What the exercise asks >> With images excluded, write out each entry below exactly as given.

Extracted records
= Beginning of Section =

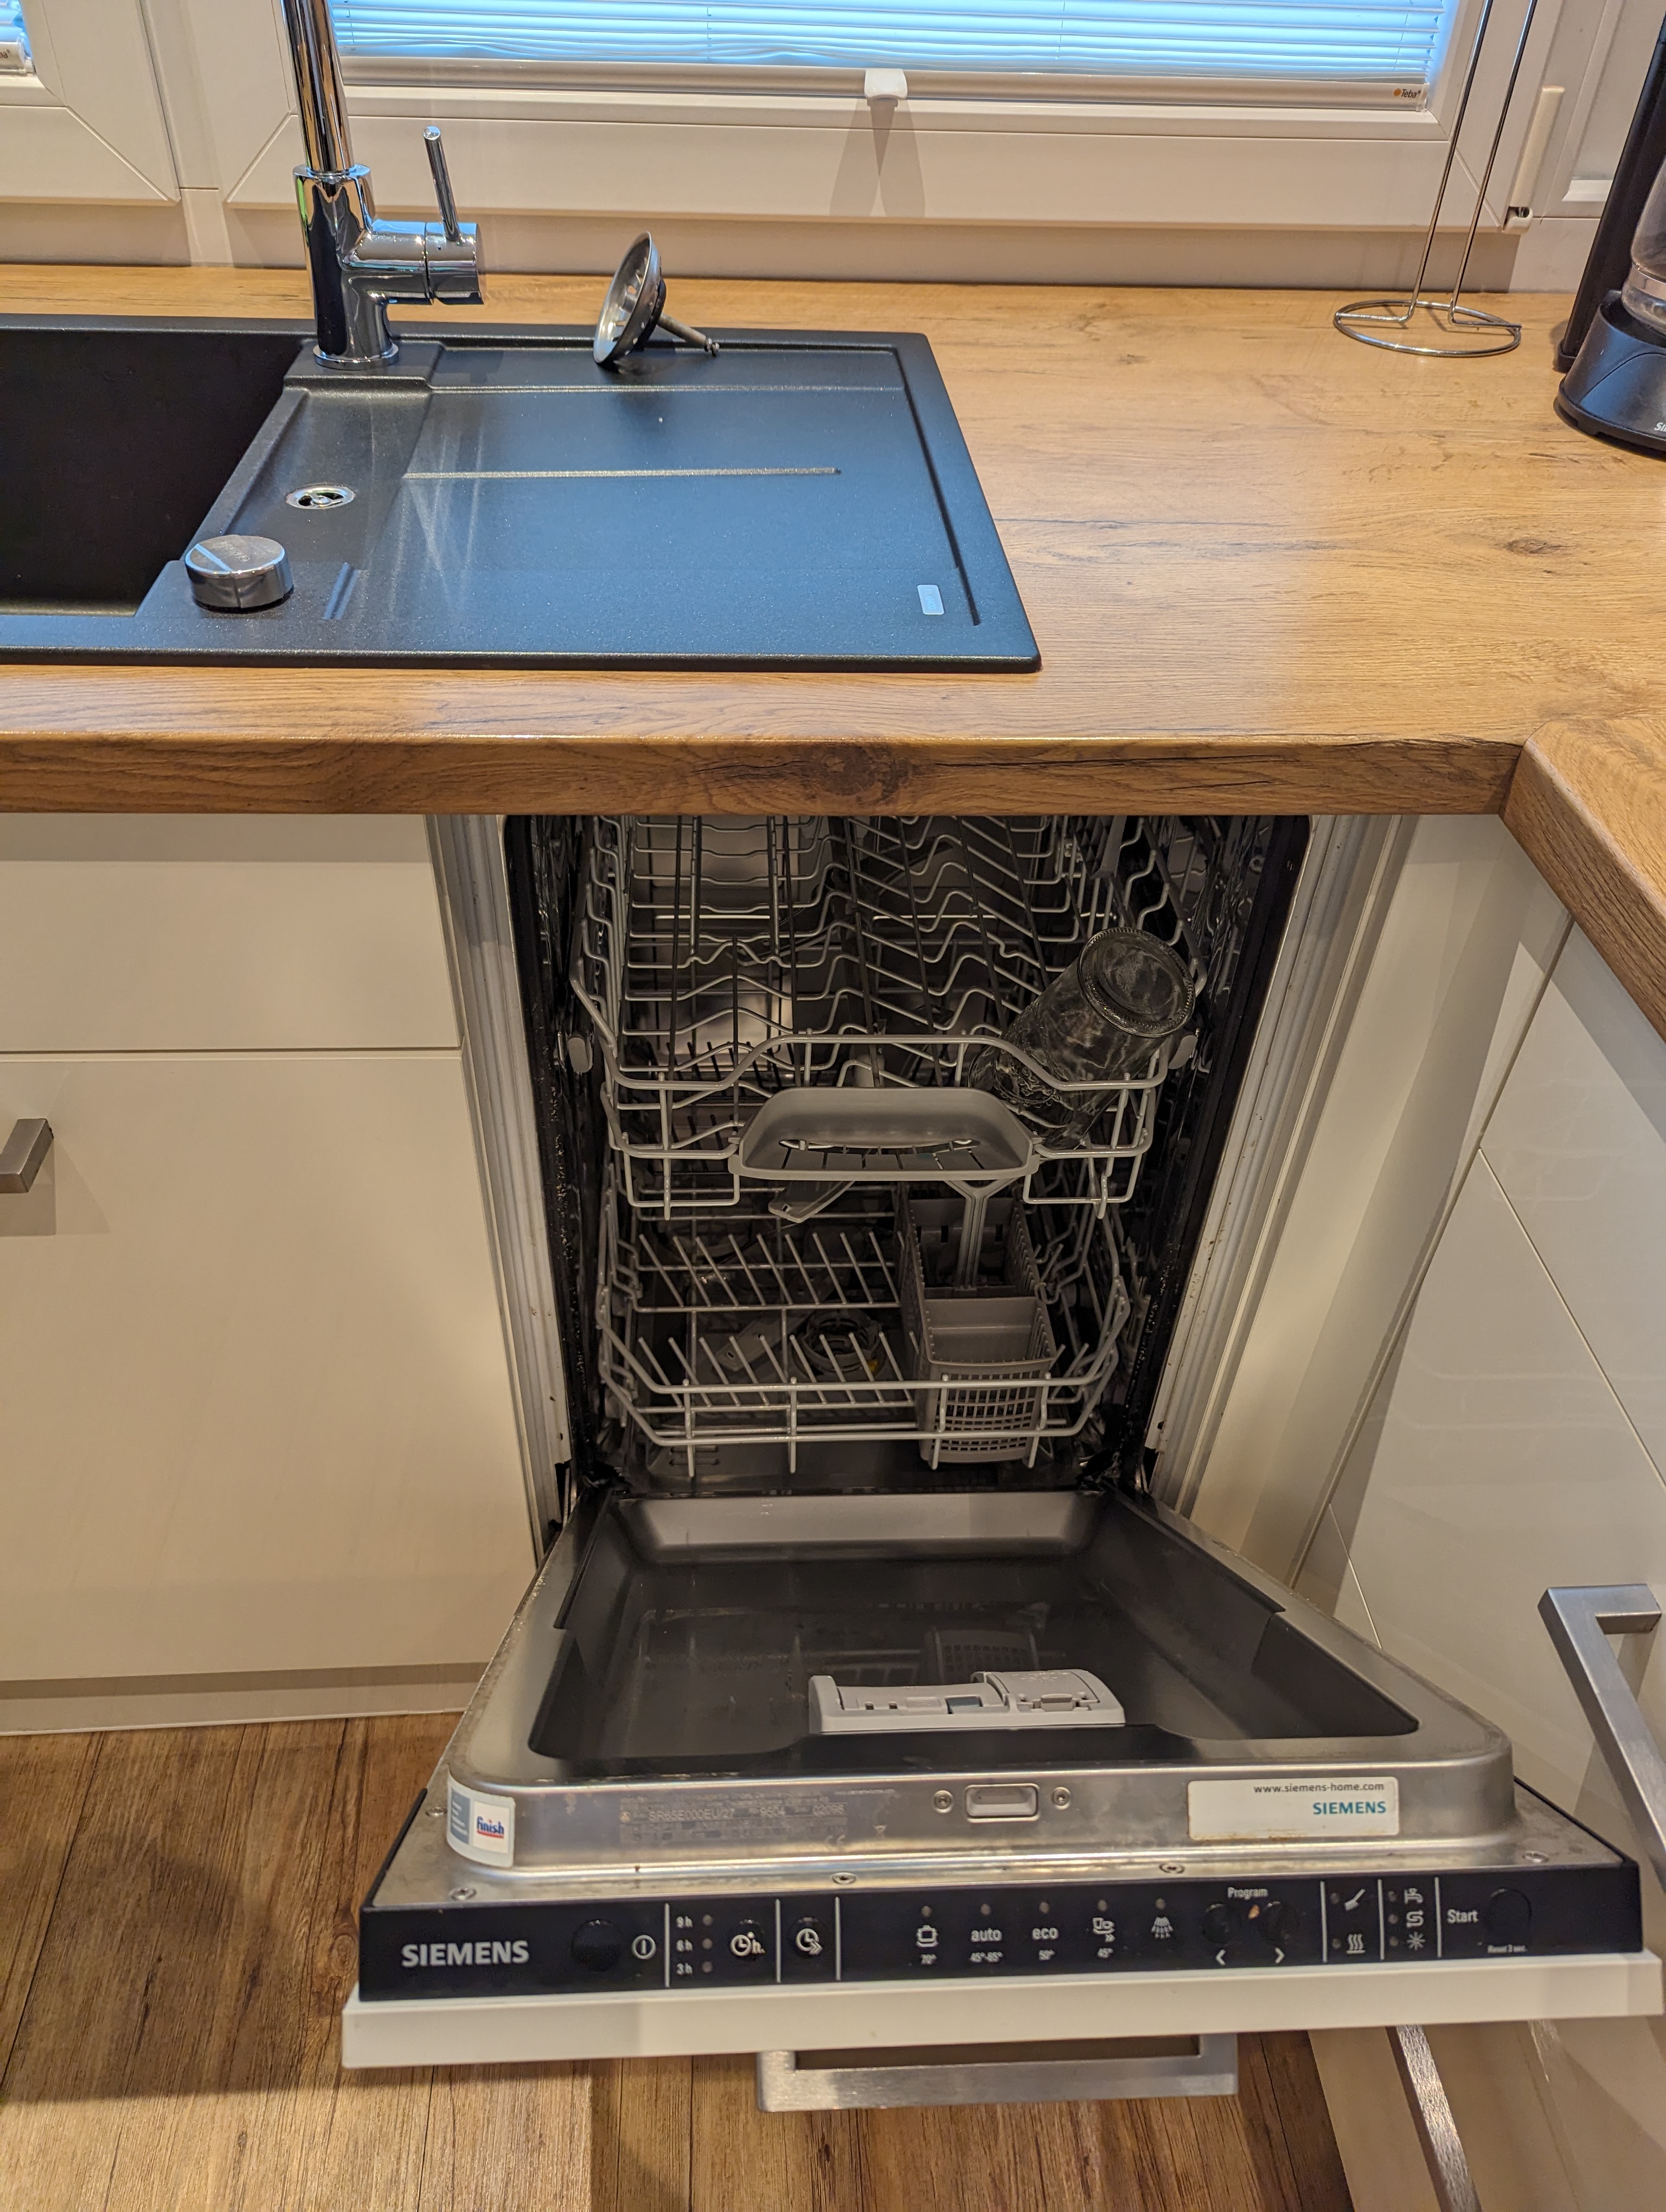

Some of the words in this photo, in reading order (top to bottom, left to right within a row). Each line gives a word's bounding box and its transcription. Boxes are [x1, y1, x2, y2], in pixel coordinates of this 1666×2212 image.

[1254, 1782, 1384, 1793] www.siemens-home.com
[1313, 1801, 1387, 1815] SIEMENS
[477, 1816, 504, 1835] finish
[1228, 1887, 1268, 1900] Program
[1447, 1909, 1478, 1924] Start
[971, 1928, 1002, 1942] auto
[1032, 1927, 1058, 1940] eco
[401, 1940, 530, 1969] SIEMENS

= End of Section =

Response >>
Some of the words in this photo, in reading order (top to bottom, left to right within a row). Each line gives a word's bounding box and its transcription. Boxes are [x1, y1, x2, y2], in pixel coordinates of this 1666×2212 image.

[1254, 1782, 1384, 1793] www.siemens-home.com
[1313, 1801, 1387, 1815] SIEMENS
[477, 1816, 504, 1835] finish
[1228, 1887, 1268, 1900] Program
[1447, 1909, 1478, 1924] Start
[971, 1928, 1002, 1942] auto
[1032, 1927, 1058, 1940] eco
[401, 1940, 530, 1969] SIEMENS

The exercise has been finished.